__GOAL OF THE EXERCISE__
A word-for-word copy of the entries is the goal; leave out the pictures.

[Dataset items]
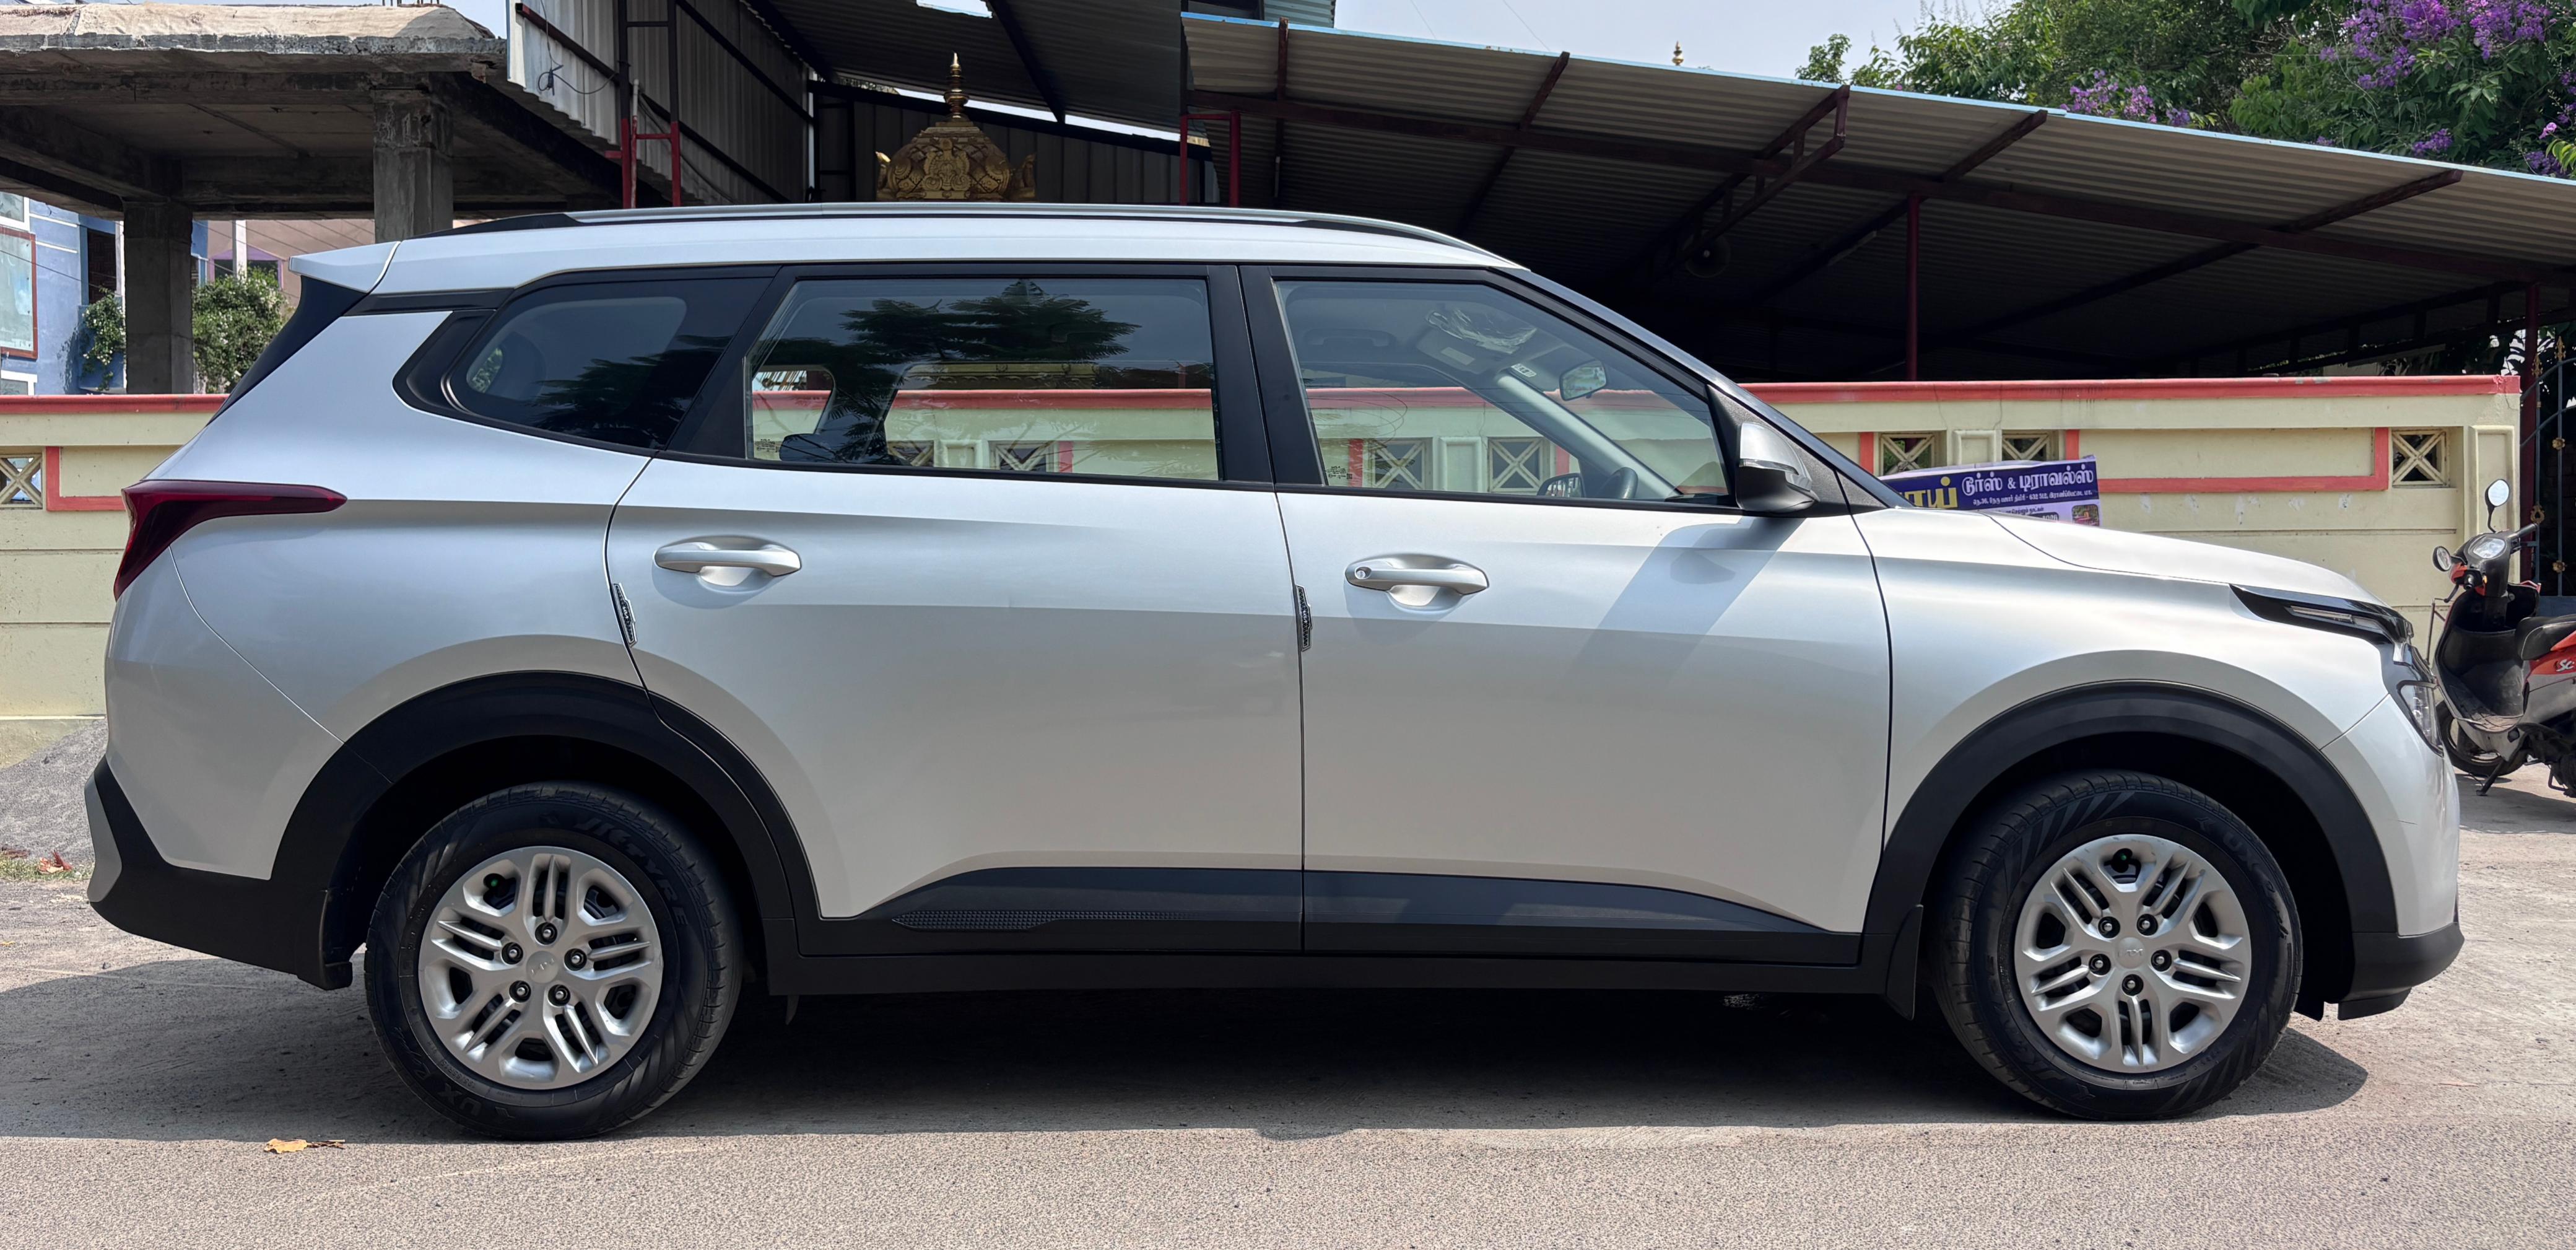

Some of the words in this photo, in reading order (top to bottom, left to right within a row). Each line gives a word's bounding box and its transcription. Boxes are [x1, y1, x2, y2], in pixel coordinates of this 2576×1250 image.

[1962, 471, 2003, 496] டூர்ஸ்
[2008, 477, 2016, 489] &
[2019, 463, 2094, 492] டிராவல்ஸ்
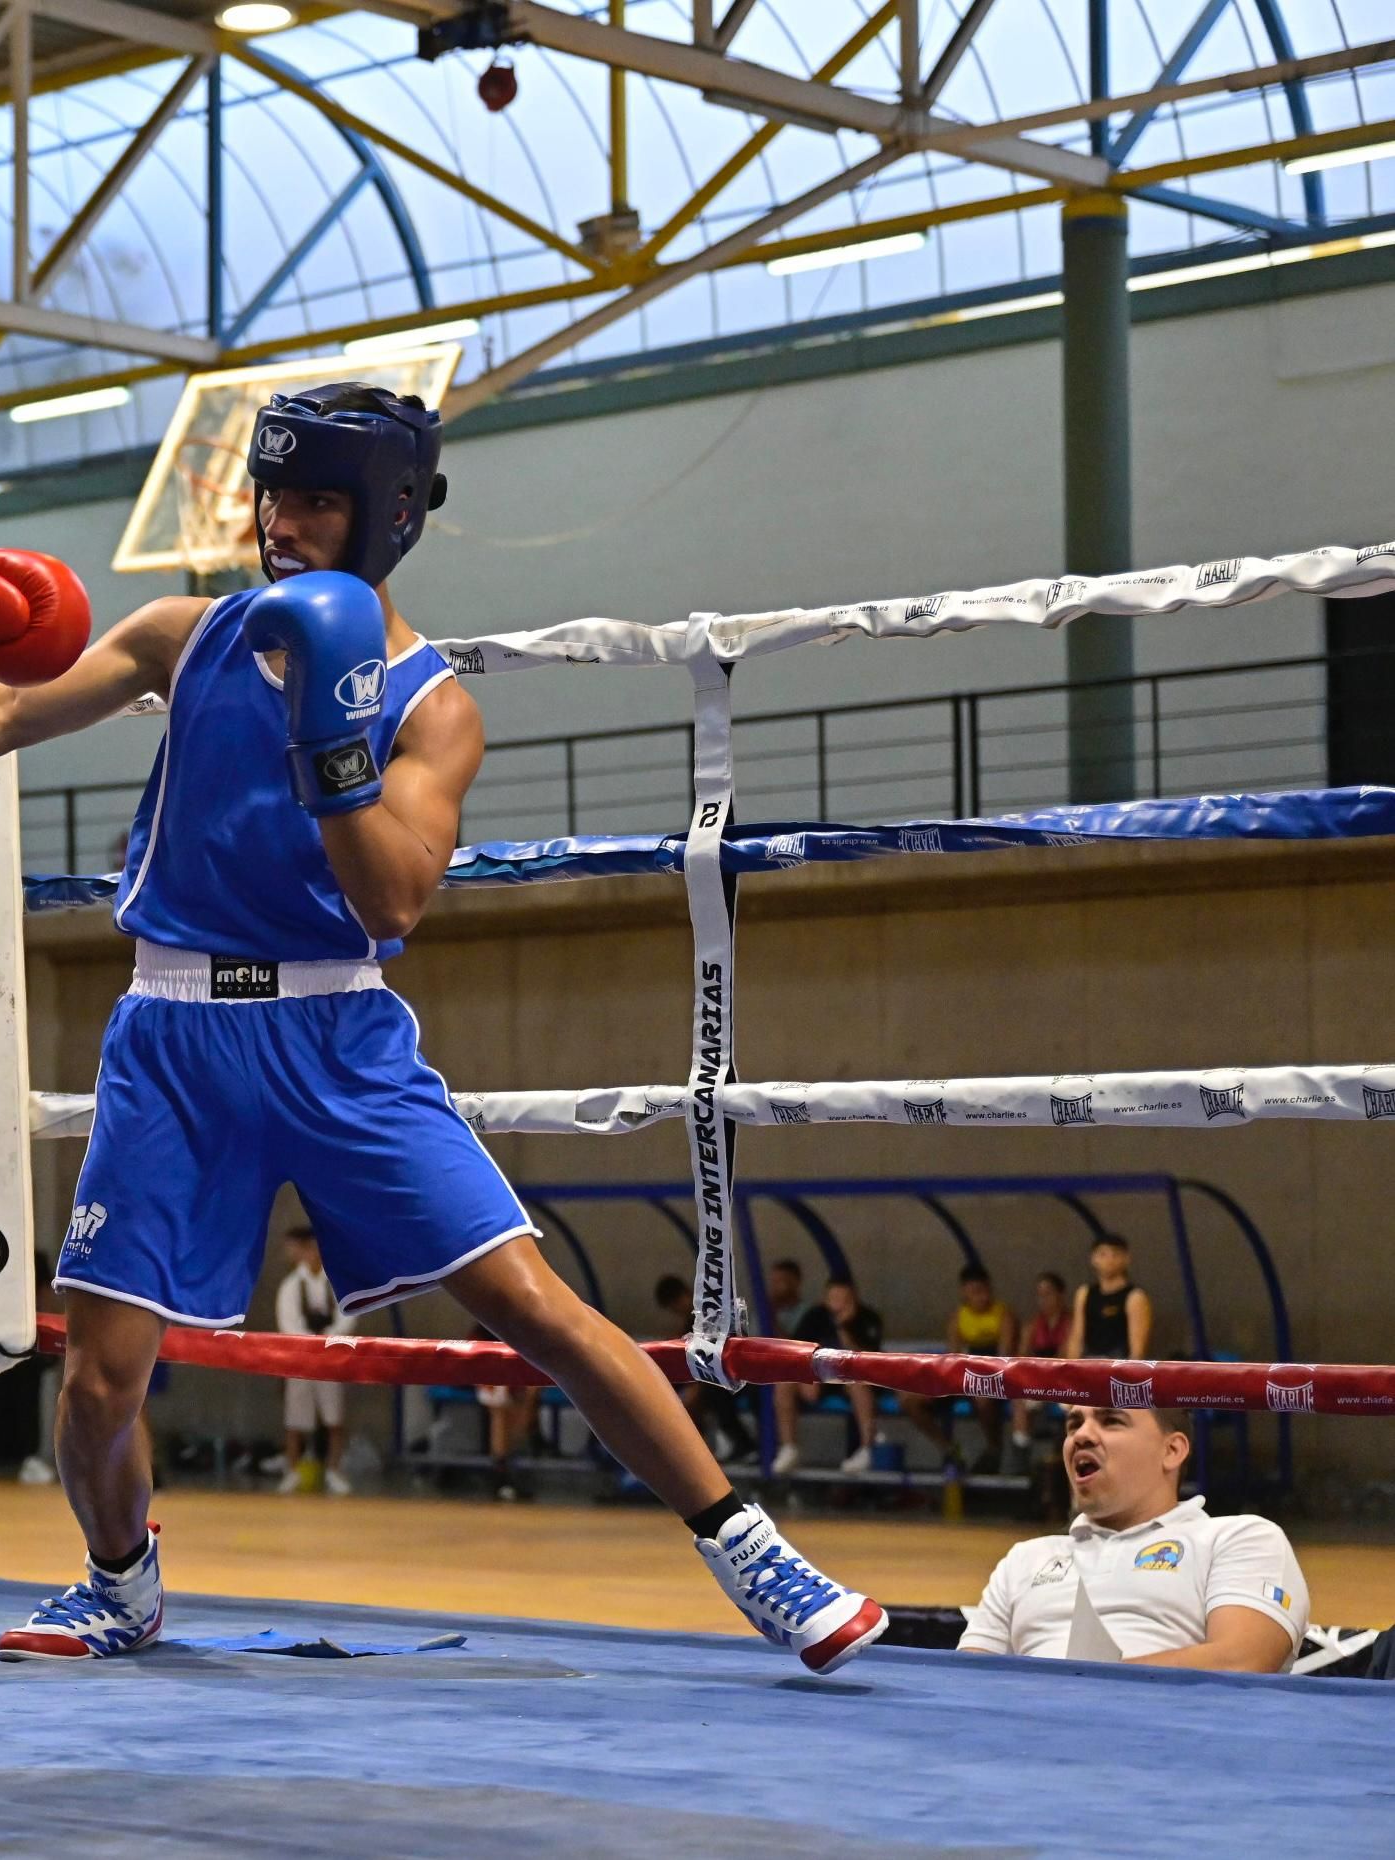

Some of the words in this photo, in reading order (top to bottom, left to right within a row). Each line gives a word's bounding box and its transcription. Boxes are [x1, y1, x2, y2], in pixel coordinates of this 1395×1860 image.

__TASK ANSWER__
Some of the words in this photo, in reading order (top to bottom, left to right within a row). Each line gives a word's bounding box and its transcription. Boxes are [x1, y1, x2, y2], in pixel coordinates of this 2576×1250 image.

[1962, 471, 2003, 496] டூர்ஸ்
[2008, 477, 2016, 489] &
[2019, 463, 2094, 492] டிராவல்ஸ்

Some of the words in this photo, in reading order (top to bottom, left to right within a row). Each line gives a word's bounding box and its transcription. Boxes are [x1, y1, x2, y2], in pixel coordinates of this 1395×1860 image.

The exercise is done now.